General information
- Year founded: 1976; 50 years ago
- Founding artistic director: Ann Williams
- Location: 2700 Flora Street, Dallas, TX
- Principal venue: Dee and Charles Wyly Theatre
- Website: dbdt.com

Senior staff
- Executive director: Zenetta Drew

Other
- Official school: Dallas Black Dance Academy

= Dallas Black Dance Theatre =

American dance company

Dallas Black Dance Theatre (DBDT) is the oldest continuously operating dance company in Dallas, Texas. For nearly half a century, DBDT has performed across the United States and around the world. In 2024, Dallas voters approved a $1.25 billion bond measure that includes an allocation of more than three million dollars to DBDT for the renovation and upgrade of their building in the Dallas Arts District.

==History==

Dallas Black Dance Theatre (DBDT) was founded by Ann Williams in 1976.
Originally located on the campus of Bishop College, DBDT received a 1988 gift from Lucy Crow Billingsley for access to a 13,000 square-foot building on Flora Street in Dallas. The company has grown through the years to include two, professional modern dance companies (DBDT and DBDT: Encore!, established in 2000) and a dance school with three student ensembles.

DBDT is a member of The International Association of Blacks in Dance (IABD). In 1993, 1997, 2000, 2008, 2014, and 2017, DBDT hosted the IABD annual conference.

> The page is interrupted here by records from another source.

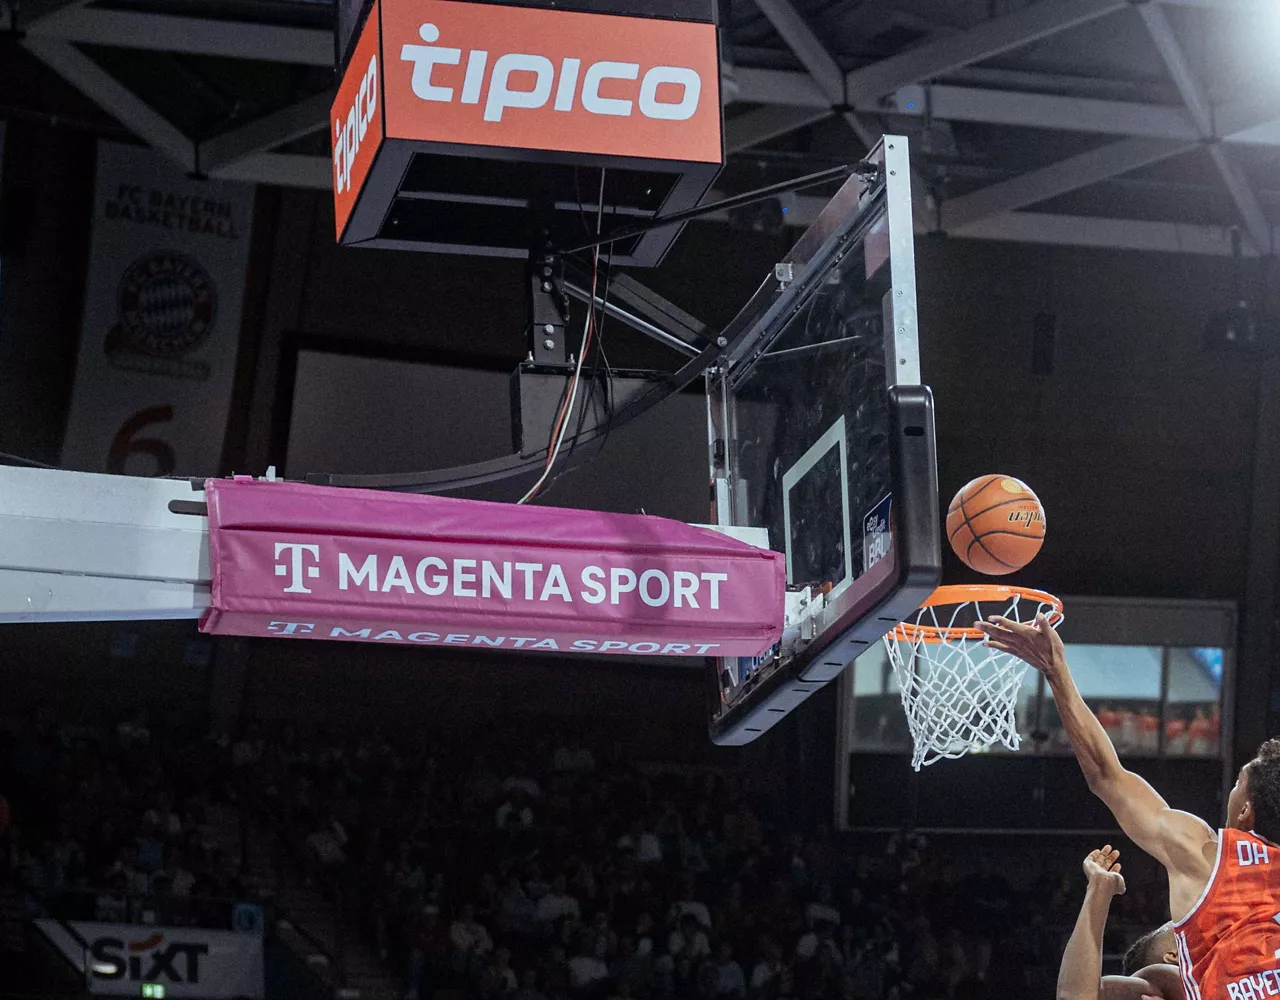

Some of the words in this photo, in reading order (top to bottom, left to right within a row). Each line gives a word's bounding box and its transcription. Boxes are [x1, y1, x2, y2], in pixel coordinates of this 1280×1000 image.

[400, 22, 702, 122] tipico
[334, 54, 377, 195] tipico
[104, 201, 239, 240] BASKETBALL
[118, 184, 141, 201] FC
[148, 187, 232, 218] BAYERN
[338, 552, 572, 603] MAGENTA
[581, 565, 728, 610] SPORT
[329, 627, 560, 650] MAGENTA
[569, 639, 721, 655] SPORT
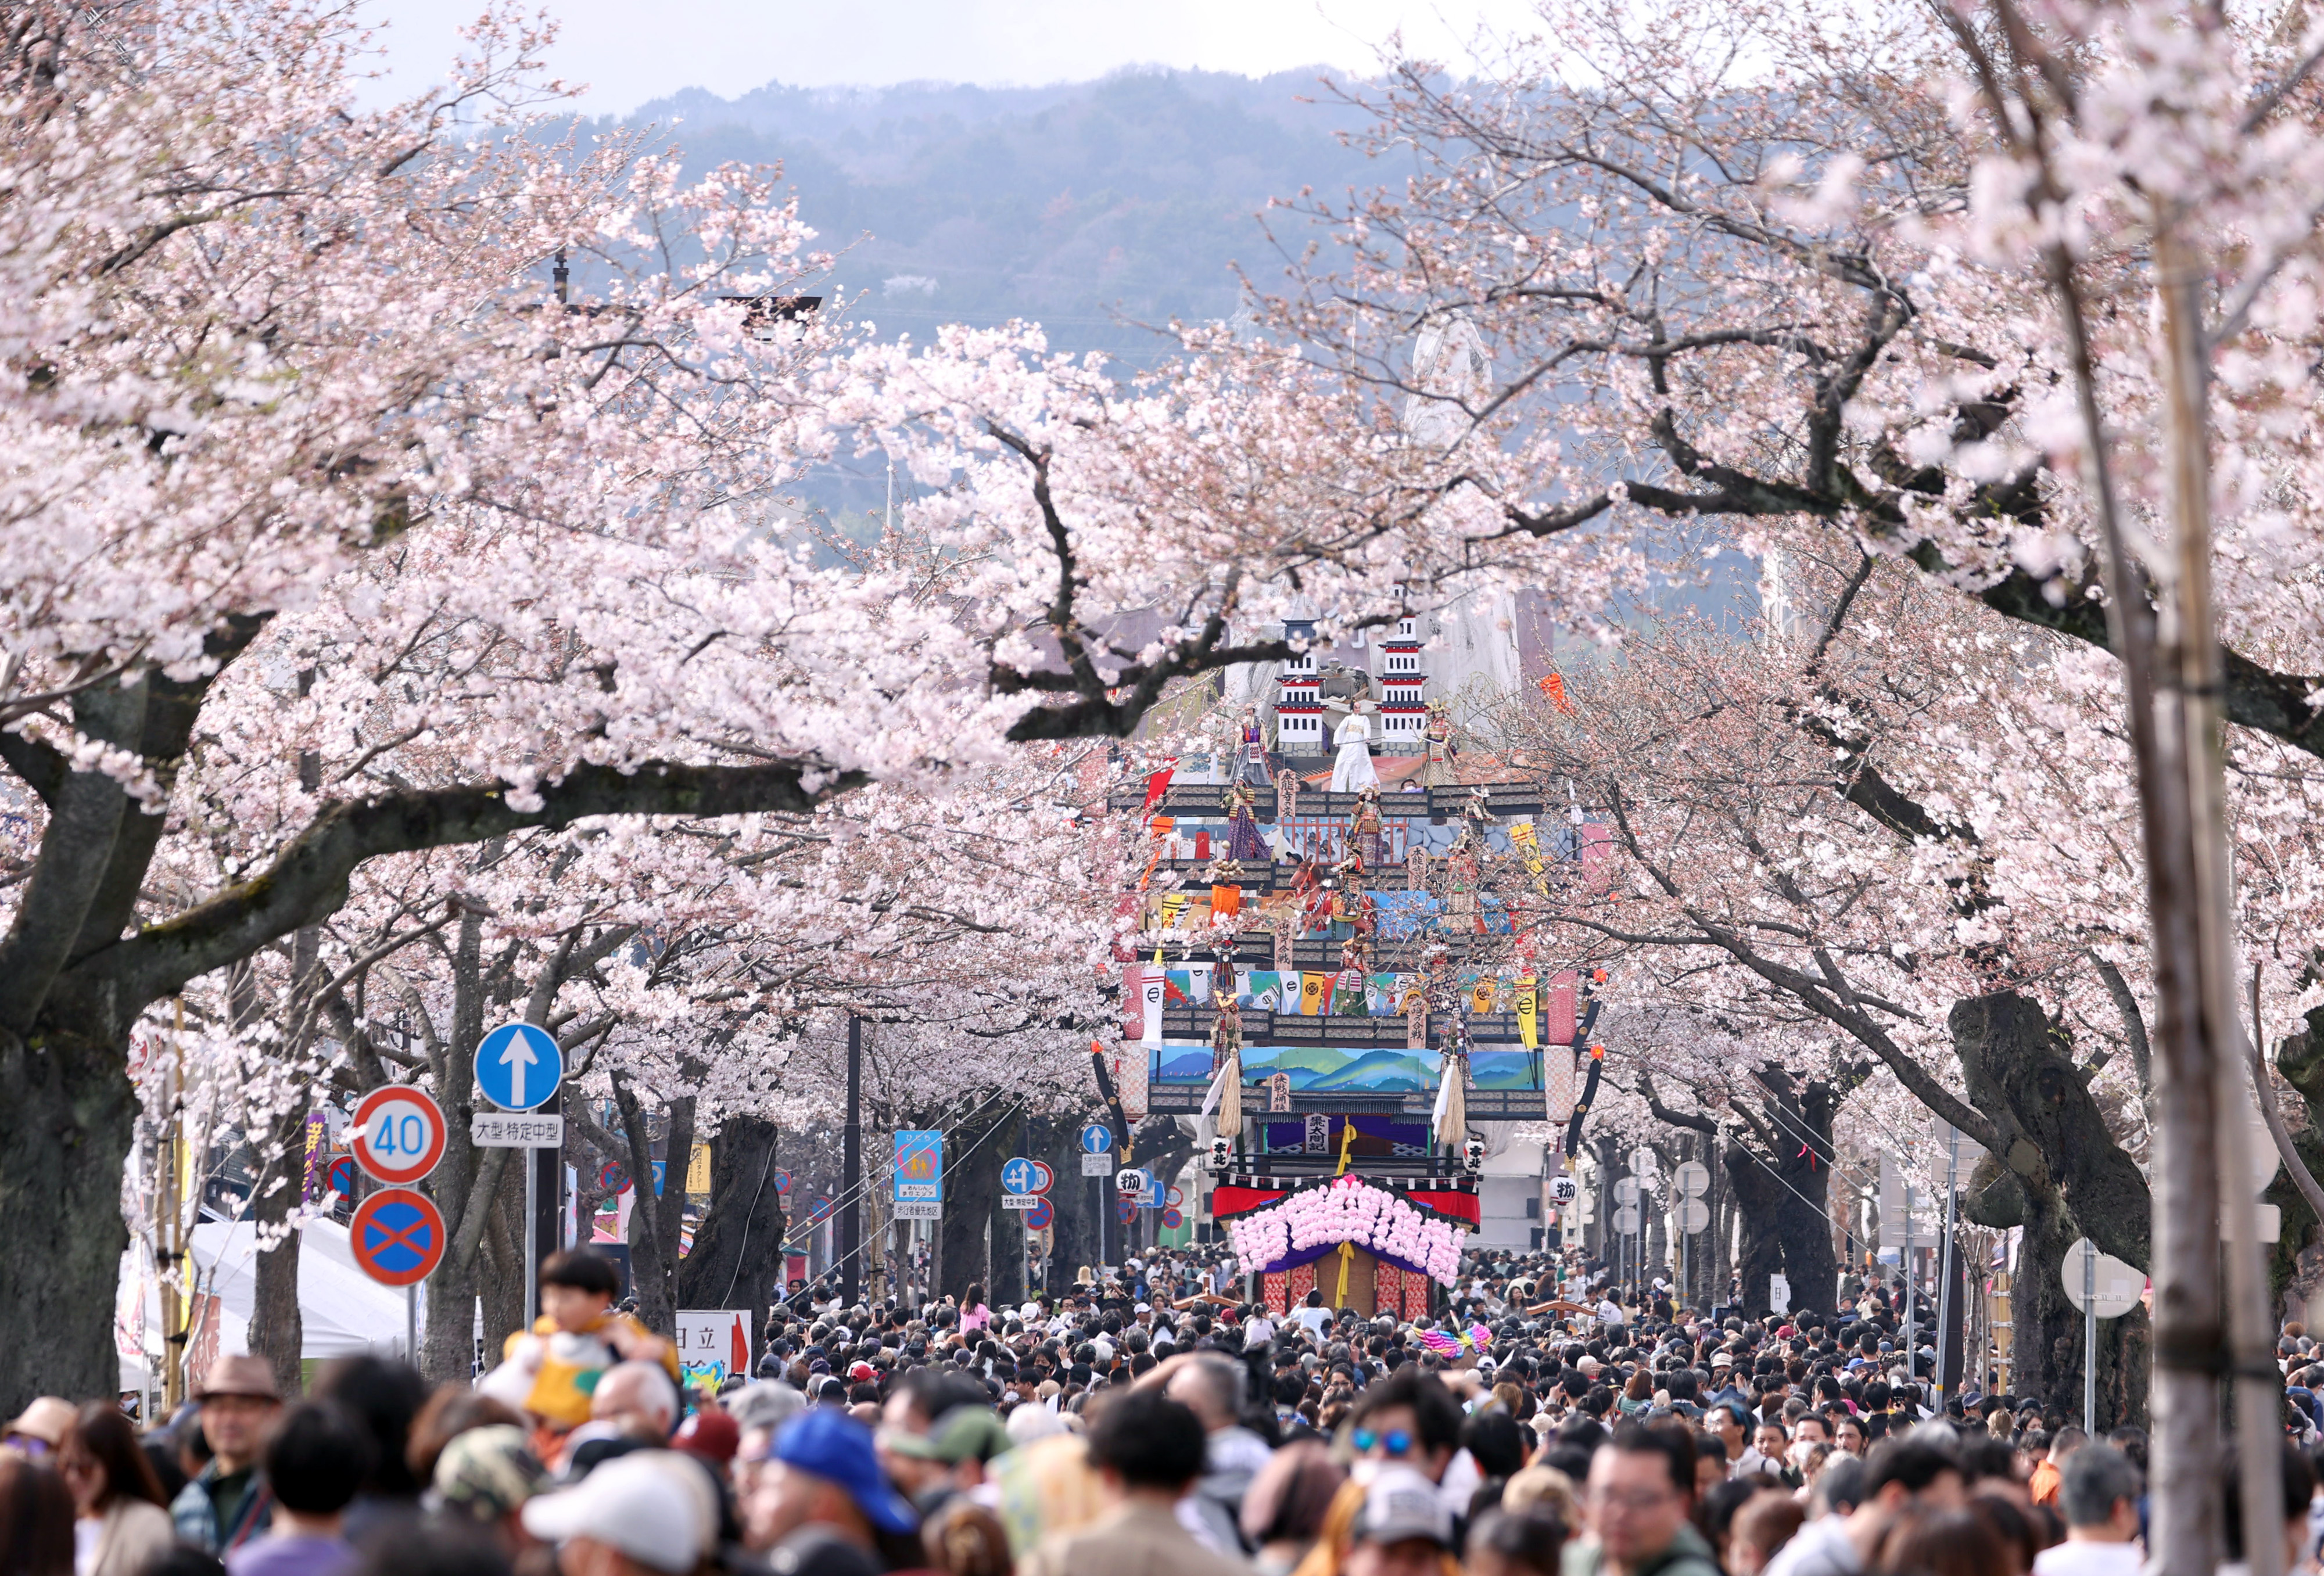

In 2024, DBDT received a three-year grant from the Mellon Foundation to support institutional capacity building.

In May 2024, DBDT company dancers voted to join the American Guild of Musical Artists (AGMA), a labor union. In August 2024, DBDT terminated the employment contract for its main company dancers.
 To protest the terminations, supporters of the fired DBDT dancers marched outside of DBDT’s building.
On August 12, 2024, AGMA issued a Do Not Work Order for DBDT. On October 29, 2024, DBDT leadership met with AGMA representatives to discuss settling the employment issues pending against them before the National Labor Relations Board (NLRB) and reinstating the terminated dancers. In November 2024, NLRB filed a formal complaint against DBDT.
On December 8, 2024, DBDT announced a settlement with the AGMA and approved by NLRB. The fired DBDT dancers: Gillian Clifford, Micah Isaiah, Sierra Jones, Elijah Lancaster, Dominiq Luckie, Derick McKoy, Jr., Terrell Rogers, Nile Ruff, Brianne Sellars, and Sean J. Smith, and the three dancers who were not offered employment for the 2024-2025 season, will receive more than $560,000 in back pay, front pay, and damages from DBDT. As part of the settlement, DBDT must send apology letters to the affected dancers, publish a multi-page notice explaining DBDT current employees’ rights, and work with NLRB employment training representatives to ensure that DBDT is compliant with the AGMA settlement and NLRB agreement. On December 11, 2024, the Dallas City Council voted 11-4 to cut $248,335 in city funding that was recommended for DBDT, and to redistribute that money to other arts organizations in Dallas.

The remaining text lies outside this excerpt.